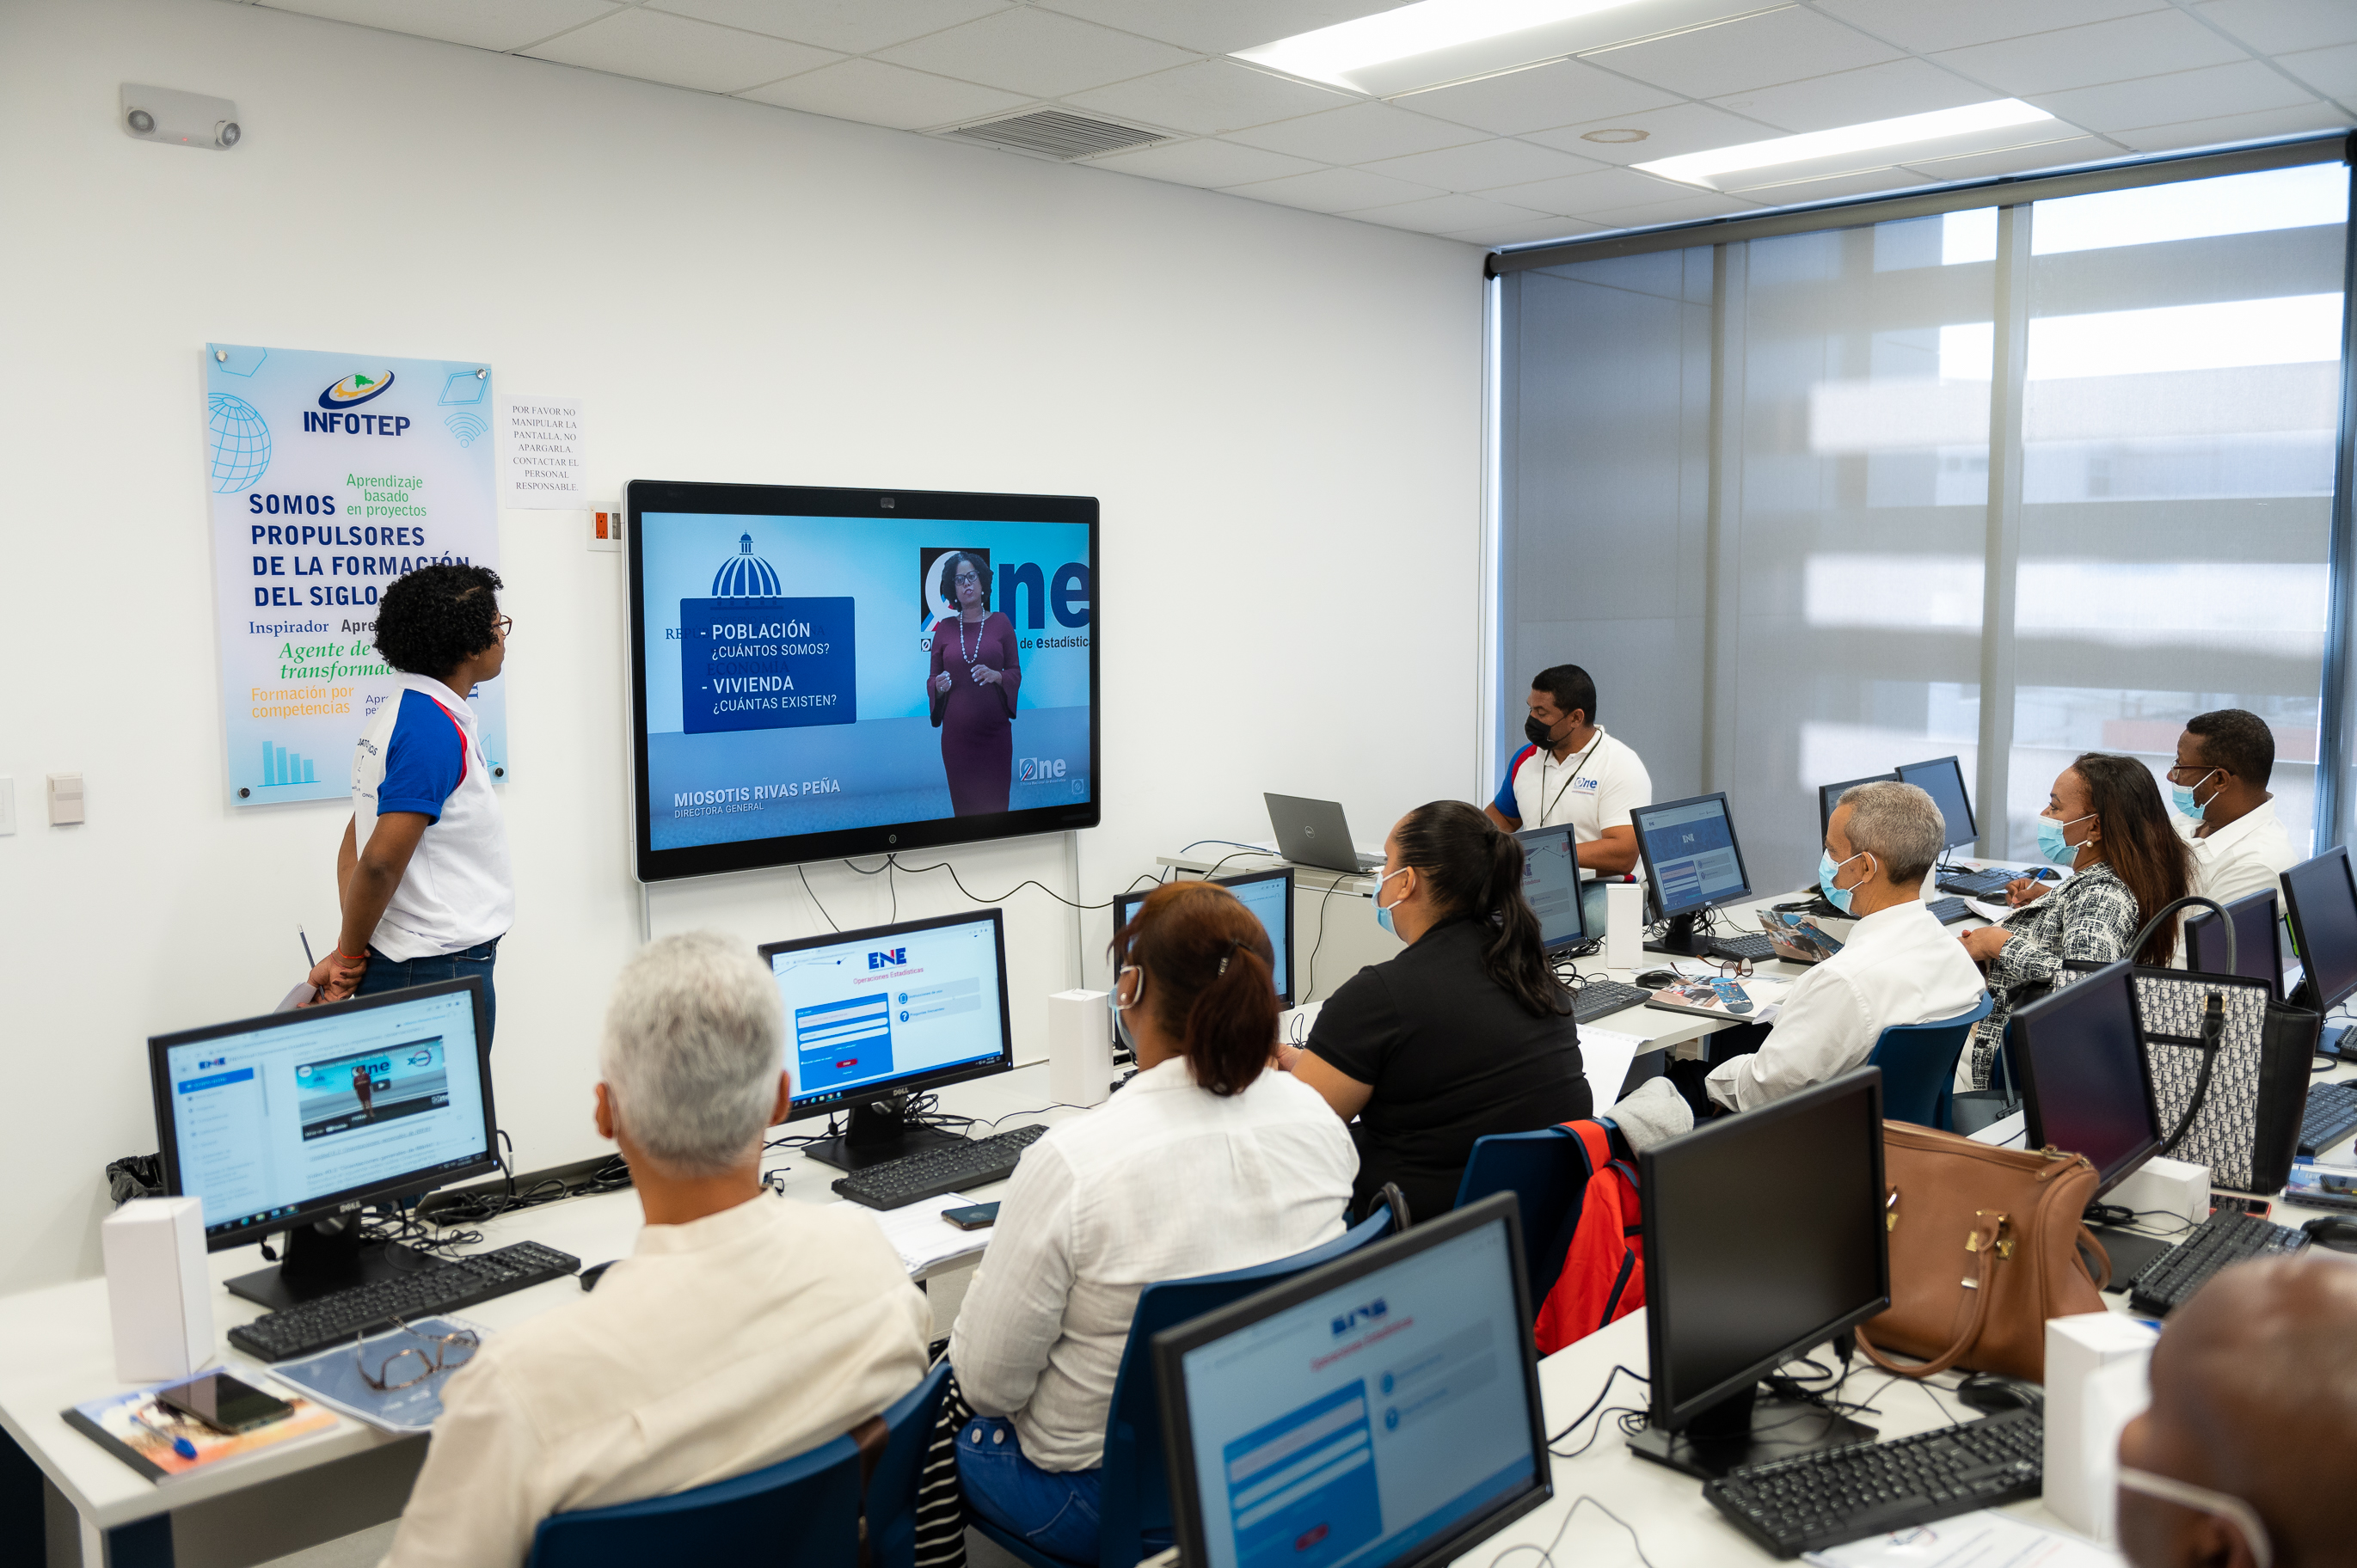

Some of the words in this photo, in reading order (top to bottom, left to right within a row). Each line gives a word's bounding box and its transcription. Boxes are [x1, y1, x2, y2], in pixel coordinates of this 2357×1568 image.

[513, 405, 530, 414] POR
[531, 407, 562, 416] FAVOR
[563, 408, 576, 417] NO
[303, 411, 411, 437] INFOTEP
[512, 418, 564, 428] MANIPULAR
[566, 420, 577, 429] LA
[513, 431, 562, 441] PANTALLA,
[513, 456, 567, 467] CONTACTAR
[346, 473, 423, 491] Aprendizaje
[525, 469, 569, 479] PERSONAL
[364, 488, 409, 503] basado
[516, 481, 579, 492] RESPONSABLE.
[249, 493, 336, 516] SOMOS
[347, 505, 362, 516] en
[366, 504, 427, 518] proyectos
[251, 524, 425, 547] PROPULSORES
[252, 555, 285, 576] DE
[294, 555, 324, 576] LA
[255, 586, 303, 607] DEL
[310, 585, 377, 606] SIGLO
[249, 620, 329, 638] Inspirador
[712, 619, 810, 640] POBLACIÓN
[278, 641, 345, 665] Agente
[350, 640, 371, 657] de
[711, 643, 777, 661] ¿CUÁNTOS
[781, 642, 830, 656] SOMOS?
[1020, 637, 1033, 650] de
[251, 684, 327, 701] Formación
[331, 686, 354, 701] por
[713, 675, 795, 694] VIVIENDA
[252, 701, 350, 720] competencias
[713, 696, 778, 715] ¿CUÁNTAS
[782, 694, 837, 709] EXISTEN?
[674, 787, 751, 808] MIOSOTIS
[754, 782, 799, 800] RIVAS
[802, 776, 841, 796] PEÑA
[674, 805, 723, 818] DIRECTORA
[725, 802, 764, 813] GENERAL
[868, 946, 907, 970] ENE
[853, 972, 889, 985] Operaciones
[890, 966, 924, 978] Estadísticas

:::::

WORK TO COMPLETE: Quote all the lines above exactly as given. Do not include the pictures.

ANSWER FOR THE TASK:
Some of the words in this photo, in reading order (top to bottom, left to right within a row). Each line gives a word's bounding box and its transcription. Boxes are [x1, y1, x2, y2], in pixel coordinates of this 2357×1568 image.

[513, 405, 530, 414] POR
[531, 407, 562, 416] FAVOR
[563, 408, 576, 417] NO
[303, 411, 411, 437] INFOTEP
[512, 418, 564, 428] MANIPULAR
[566, 420, 577, 429] LA
[513, 431, 562, 441] PANTALLA,
[513, 456, 567, 467] CONTACTAR
[346, 473, 423, 491] Aprendizaje
[525, 469, 569, 479] PERSONAL
[364, 488, 409, 503] basado
[516, 481, 579, 492] RESPONSABLE.
[249, 493, 336, 516] SOMOS
[347, 505, 362, 516] en
[366, 504, 427, 518] proyectos
[251, 524, 425, 547] PROPULSORES
[252, 555, 285, 576] DE
[294, 555, 324, 576] LA
[255, 586, 303, 607] DEL
[310, 585, 377, 606] SIGLO
[249, 620, 329, 638] Inspirador
[712, 619, 810, 640] POBLACIÓN
[278, 641, 345, 665] Agente
[350, 640, 371, 657] de
[711, 643, 777, 661] ¿CUÁNTOS
[781, 642, 830, 656] SOMOS?
[1020, 637, 1033, 650] de
[251, 684, 327, 701] Formación
[331, 686, 354, 701] por
[713, 675, 795, 694] VIVIENDA
[252, 701, 350, 720] competencias
[713, 696, 778, 715] ¿CUÁNTAS
[782, 694, 837, 709] EXISTEN?
[674, 787, 751, 808] MIOSOTIS
[754, 782, 799, 800] RIVAS
[802, 776, 841, 796] PEÑA
[674, 805, 723, 818] DIRECTORA
[725, 802, 764, 813] GENERAL
[868, 946, 907, 970] ENE
[853, 972, 889, 985] Operaciones
[890, 966, 924, 978] Estadísticas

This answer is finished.